Na verdade, o que está em causa não é uma ameaça militar, mas a possibilidade de desarticulação do precário processo de integração regional. Independentemente dos atritos políticos que acarretaria, em termos estritamente militares, uma base local teria para o Pentágono um caráter muito mais simbólico do que o de uma ameaça real aos países vizinhos - tanto pela escassez de forças terrestres para guarnecê-la (e o conflito no Iraque está demonstrando os limites da possibilidade de controle de uma grande região hostil à presença delas), como pela própria posição mediterrânea do Paraguai.
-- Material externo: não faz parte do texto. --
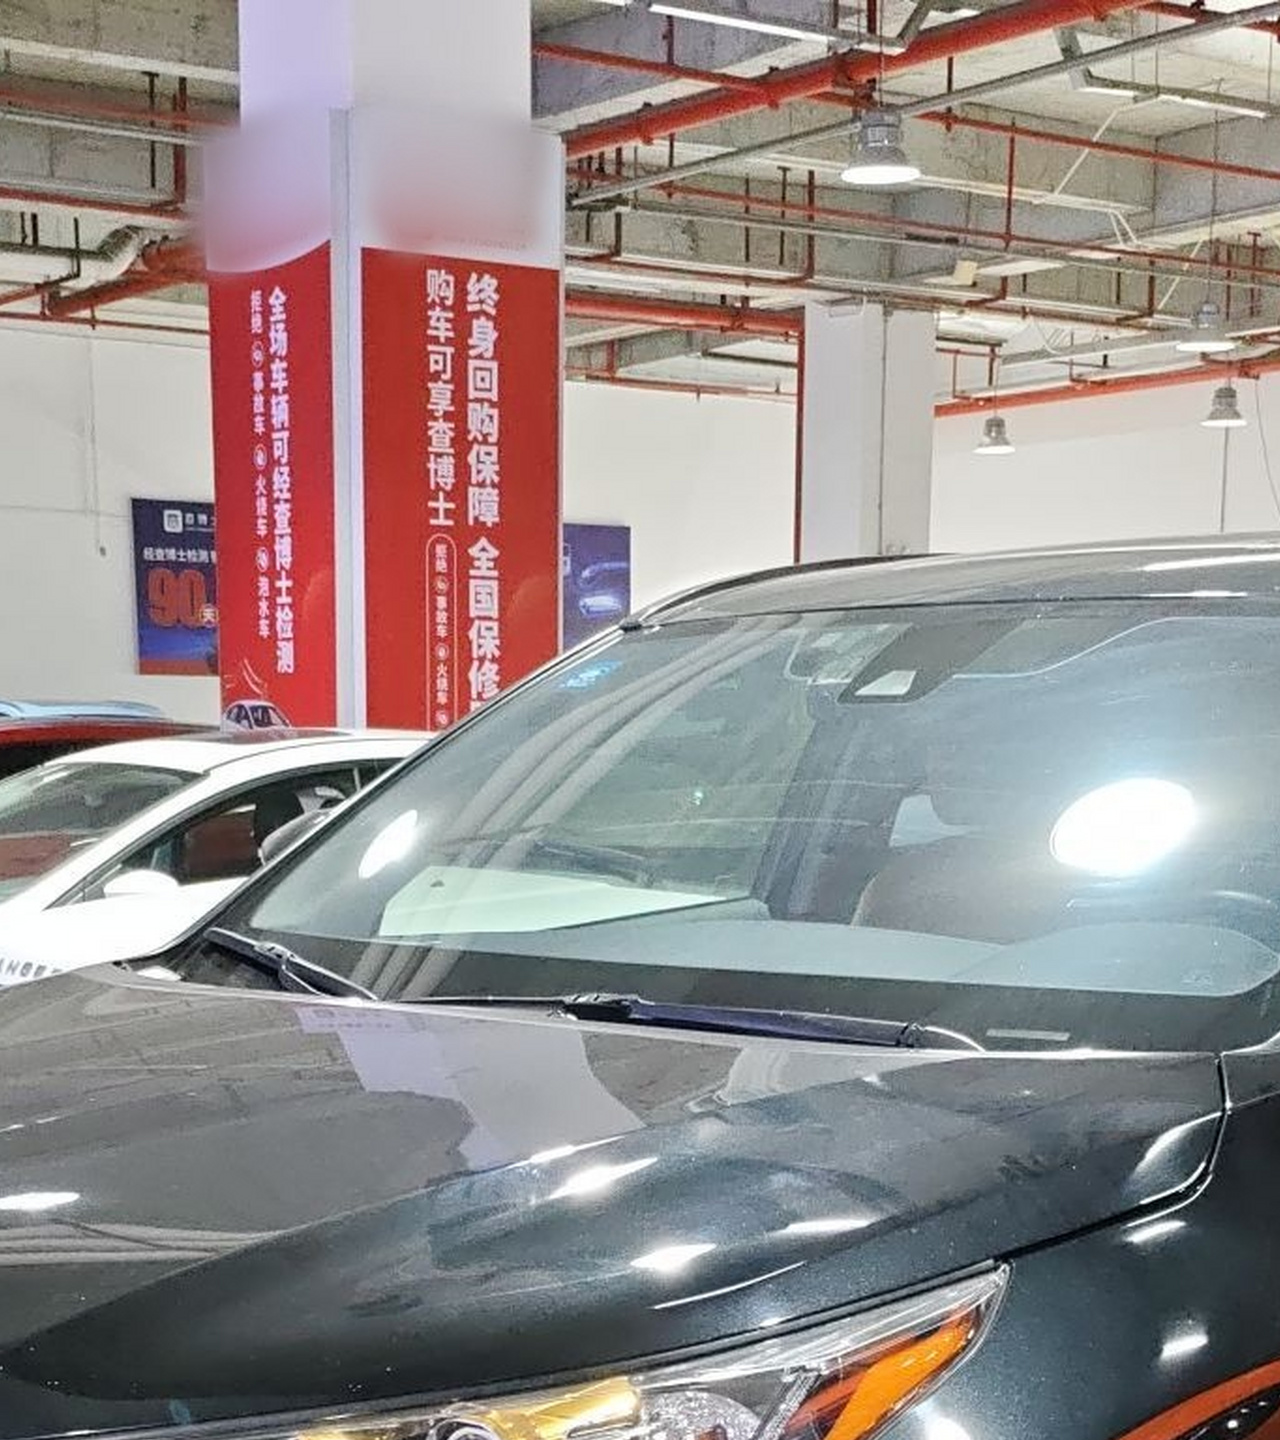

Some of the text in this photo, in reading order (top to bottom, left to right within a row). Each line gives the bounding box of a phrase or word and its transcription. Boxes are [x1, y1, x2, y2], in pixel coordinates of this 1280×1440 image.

[269, 285, 295, 673] 全场车辆可经查博士检测
[426, 269, 455, 526] 购车可享查博士
[466, 272, 501, 712] 终身回购保障 全国保修
[148, 568, 206, 628] 90
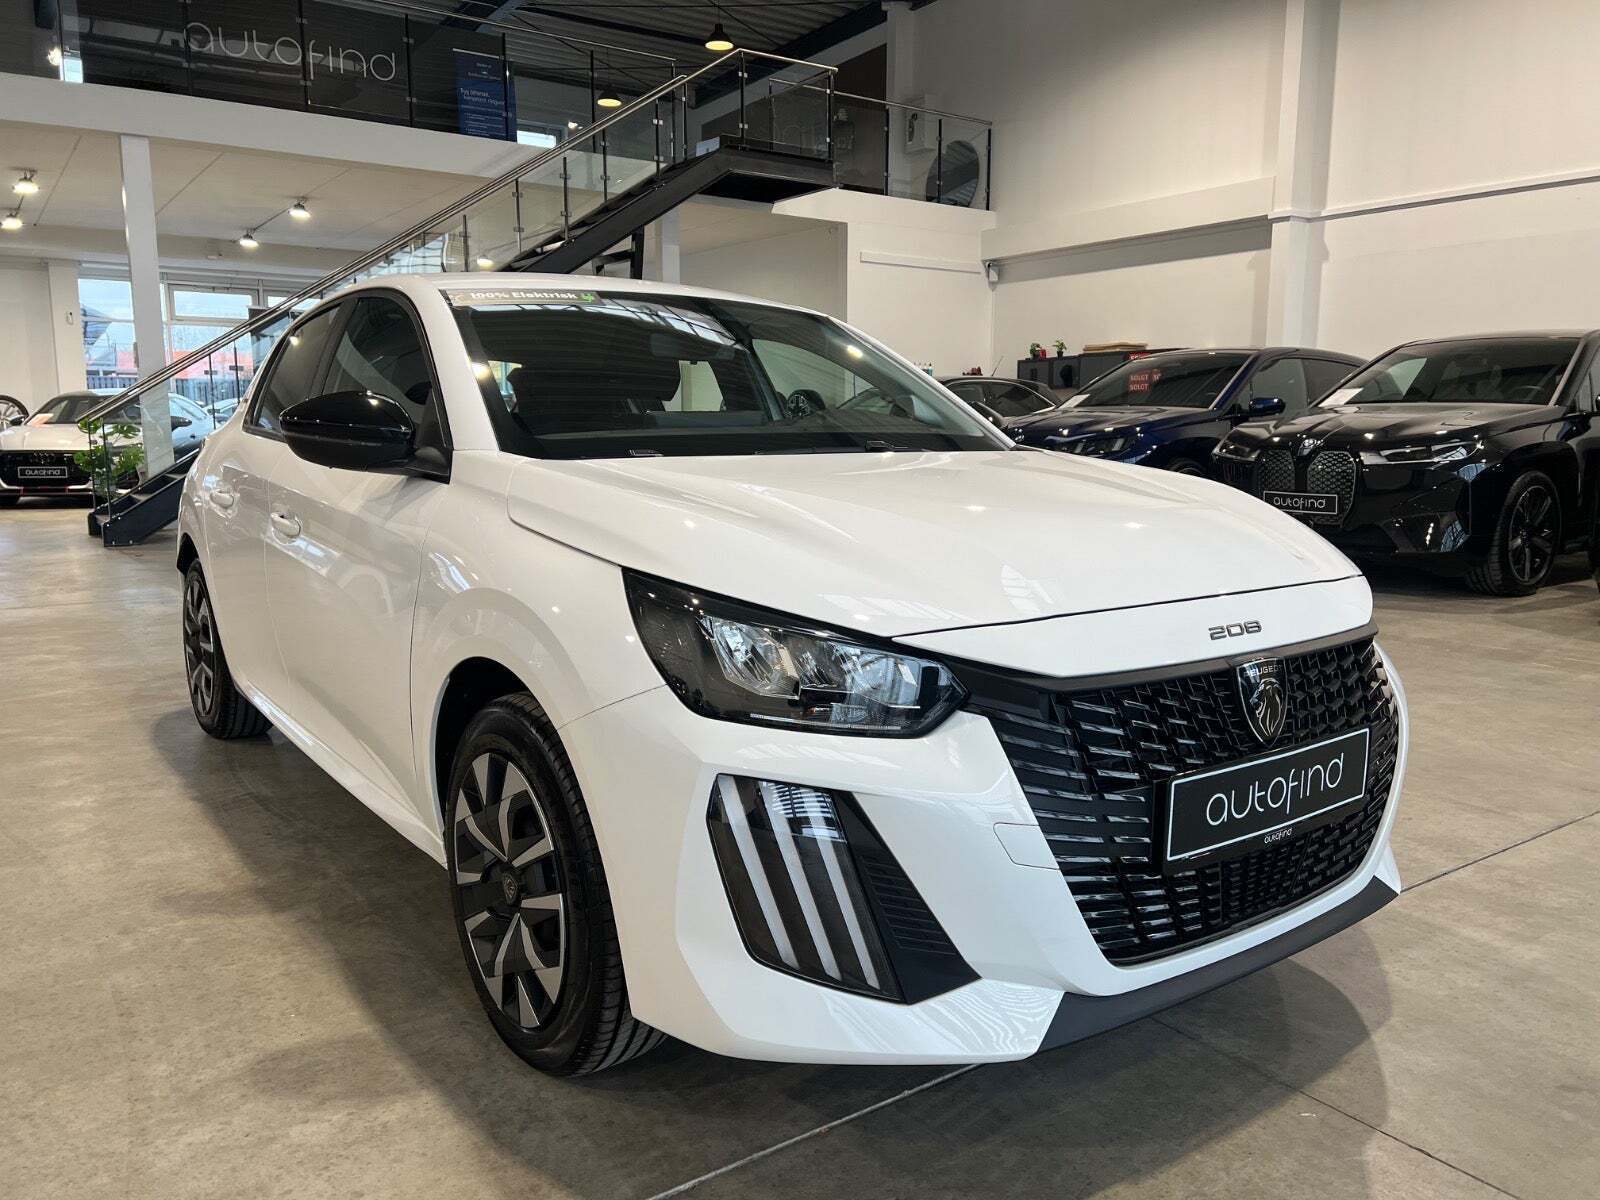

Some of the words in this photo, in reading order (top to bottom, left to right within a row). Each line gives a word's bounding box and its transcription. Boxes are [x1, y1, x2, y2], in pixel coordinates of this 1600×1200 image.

[184, 22, 395, 81] autofind
[470, 291, 509, 300] 100%
[1273, 496, 1326, 510] autofind
[1208, 620, 1262, 641] 208
[1206, 752, 1344, 826] autofind
[1264, 827, 1293, 844] autofind
O problema é político e econômico. O fato é que há no Paraguai uma crescente insatisfação com a integração regional, cujos benefícios para o país têm deixado muito a desejar. Neste particular, a responsabilidade maior cabe ao Brasil, cujas elites dirigentes se obstinam em aferrar-se a políticas que privilegiam o rentismo financeiro, em detrimento da economia real. Semelhante orientação - concentradora de renda, antiprodutiva e desintegradora - é incompatível com uma integração efetiva, que não pode prescindir de uma retomada real do desenvolvimento socioeconômico brasileiro. Além do descontentamento paraguaio, essa inclinação rentista está na raiz dos desencontros com a Argentina (vide a falta de apoio à reestruturação da dívida pública capitaneada pelo ministro da Economia, Roberto Lavagna) e da igualmente preocupante irritação boliviana com as atividades da Petrobras no país. Assim, sem uma efetiva mudança de rumo na política econômica de Brasília, a já travada integração regional terá as suas possibilidades ainda mais reduzidas.
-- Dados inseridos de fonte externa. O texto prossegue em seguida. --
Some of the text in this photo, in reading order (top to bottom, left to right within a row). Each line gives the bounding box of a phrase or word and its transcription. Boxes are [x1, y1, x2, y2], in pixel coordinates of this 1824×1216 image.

No tocante ao Paraguai, salta aos olhos que o país precisa receber dos sócios maiores do Mercosul um tratamento análogo, guardadas as proporções, ao proporcionado pela União Européia aos países ibéricos e à Grécia, com investimentos de qualidade para a modernização de sua economia. Além disto, é urgente uma solução para o dilema das bilionárias dívidas de construção e operação das usinas hidrelétricas binacionais de Itaipu e Yaciretá, cujo serviço tem estrangulado de forma brutal a capacidade financeira do governo paraguaio e que constitui uma das principais causas da insatisfação local com os vizinhos.
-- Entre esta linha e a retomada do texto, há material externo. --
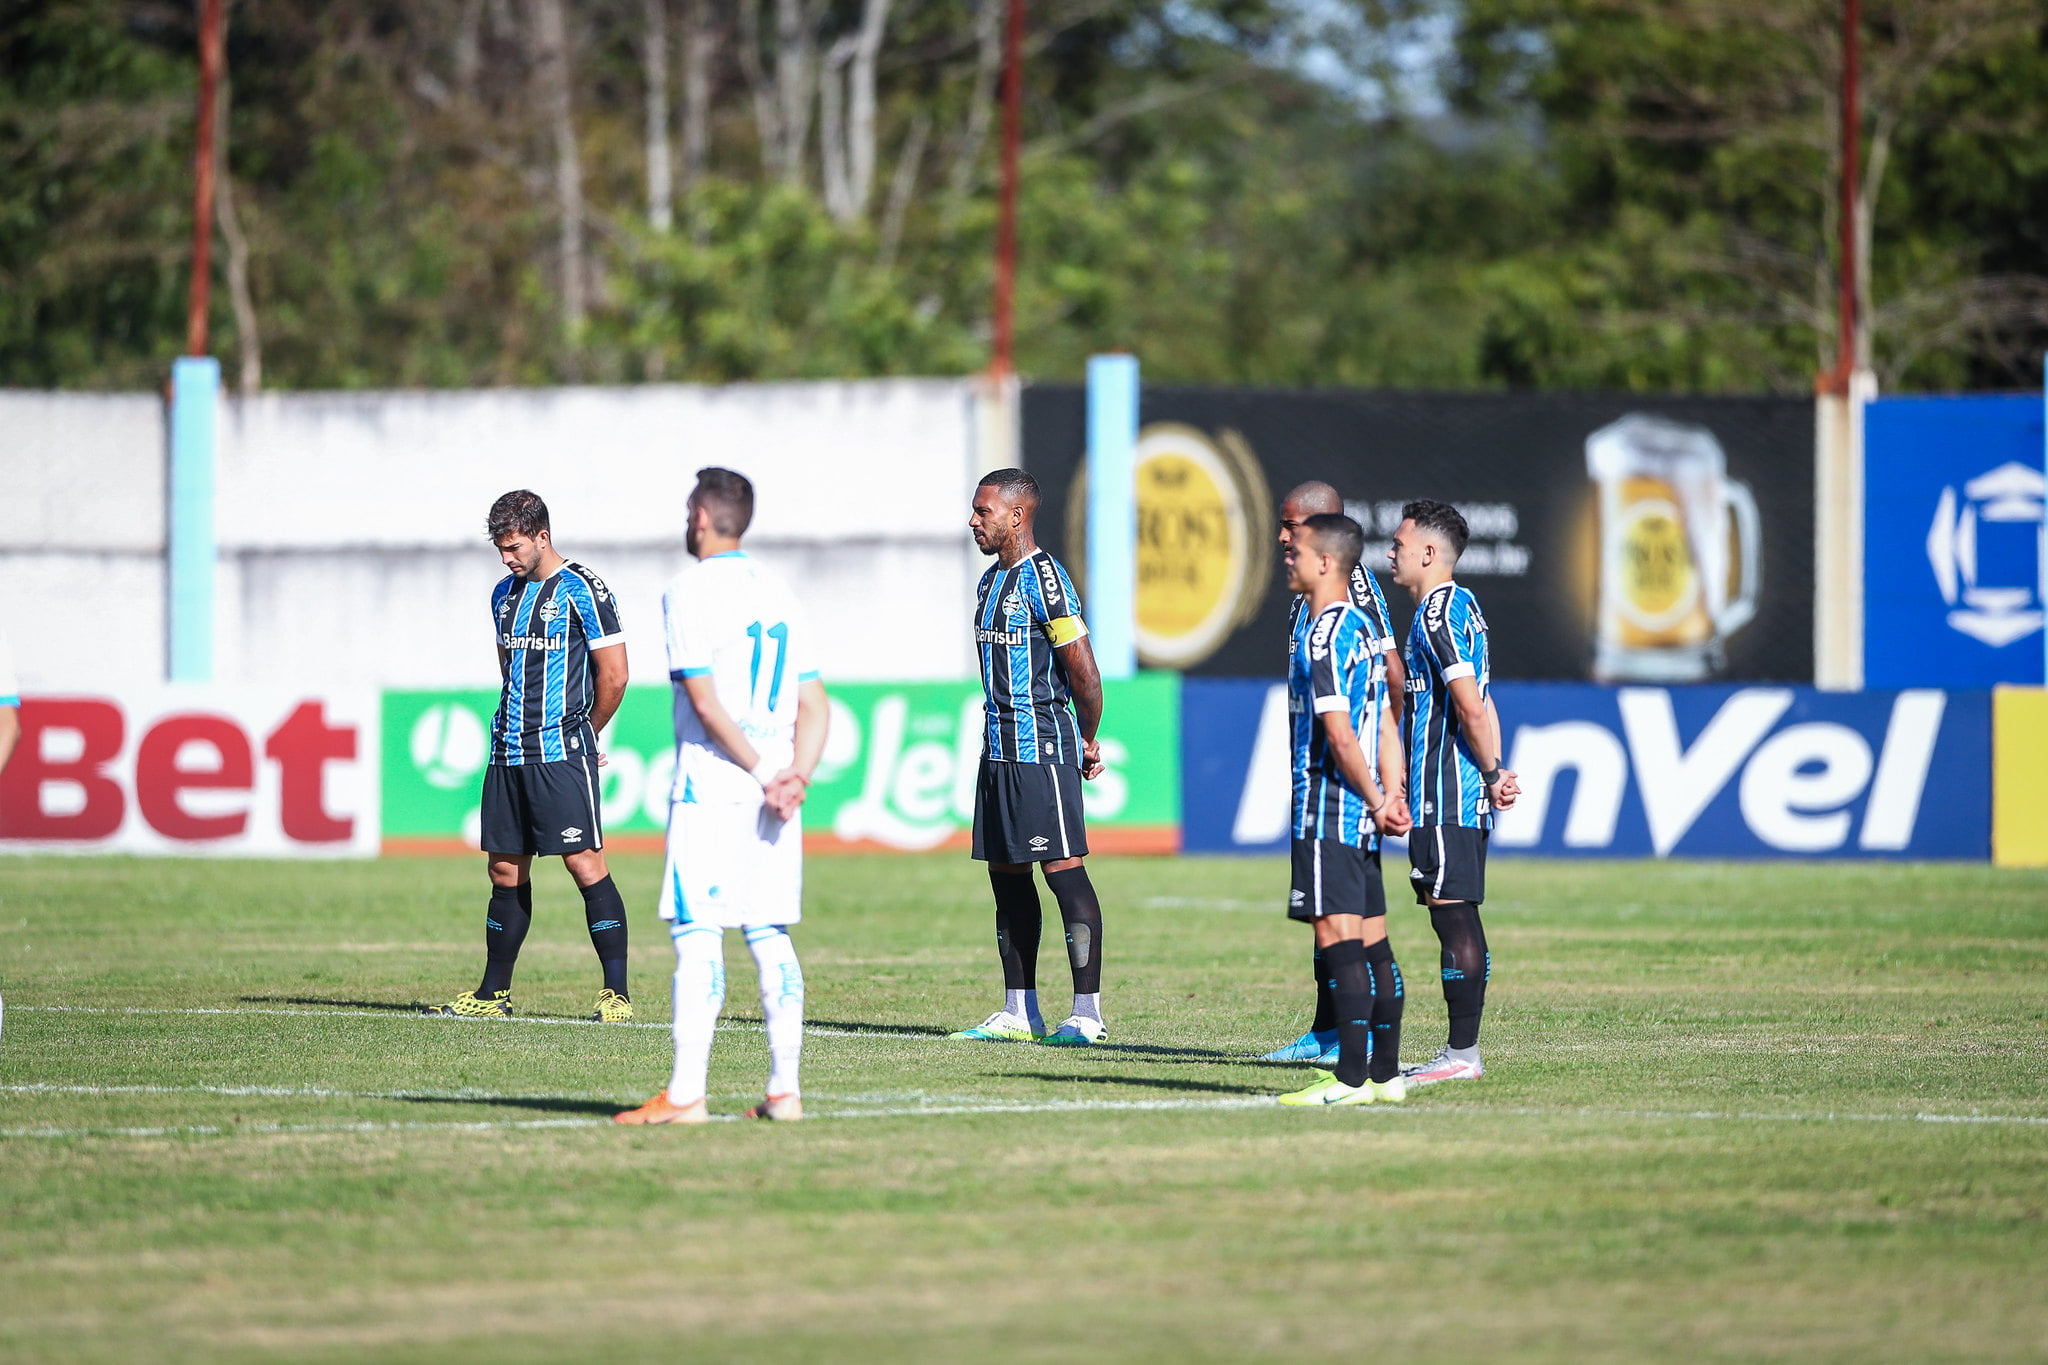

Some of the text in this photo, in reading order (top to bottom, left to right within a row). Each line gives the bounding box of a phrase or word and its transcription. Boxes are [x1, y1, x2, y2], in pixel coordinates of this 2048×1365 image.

[503, 632, 562, 651] Banrisul
[976, 625, 1022, 645] Banrisul
[747, 621, 788, 712] 11
[0, 694, 357, 842] Bet
Com a devida determinação política, ambos os problemas podem ser equacionados de acordo com a consagrada lição do primeiro-secretário do Tesouro dos EUA, Alexander Hamilton: transformar dívida em crédito para o desenvolvimento. No caso, uma parte substancial da dívida das usinas poderia ser convertida em títulos de longo prazo, os quais, por sua vez, seriam usados como capital inicial de uma agência trinacional especificamente criada para fomentar o desenvolvimento paraguaio, com investimentos em projetos de infra-estrutura, industriais, de capacitação profissional, incentivos à inovação tecnológica e outros - algo como um "BNDES guarani" ou uma "Caja para el desarrollo" (órgãos regionais como o BID, a CAF e outros também poderiam associar-se à iniciativa).

Ao contribuir para a transformação do Paraguai em uma nação moderna, semelhante iniciativa representaria uma experiência inusitada e importante para o desenvolvimento sul-americano, além de um fator de segurança regional muito mais sólido do que qualquer consideração de ordem militar. No entanto, tudo depende da superação da atitude business as usual prevalecente entre as elites regionais - especialmente, vale insistir, as brasileiras. Esta, sim, representa uma ameaça muito maior para o futuro do subcontinente do que um punhado de marines no interior do Paraguai.

GERALDO LUÍS LINO e LORENZO CARRASCO são diretores do Movimento de Solidariedade Ibero-Americana (MSIA).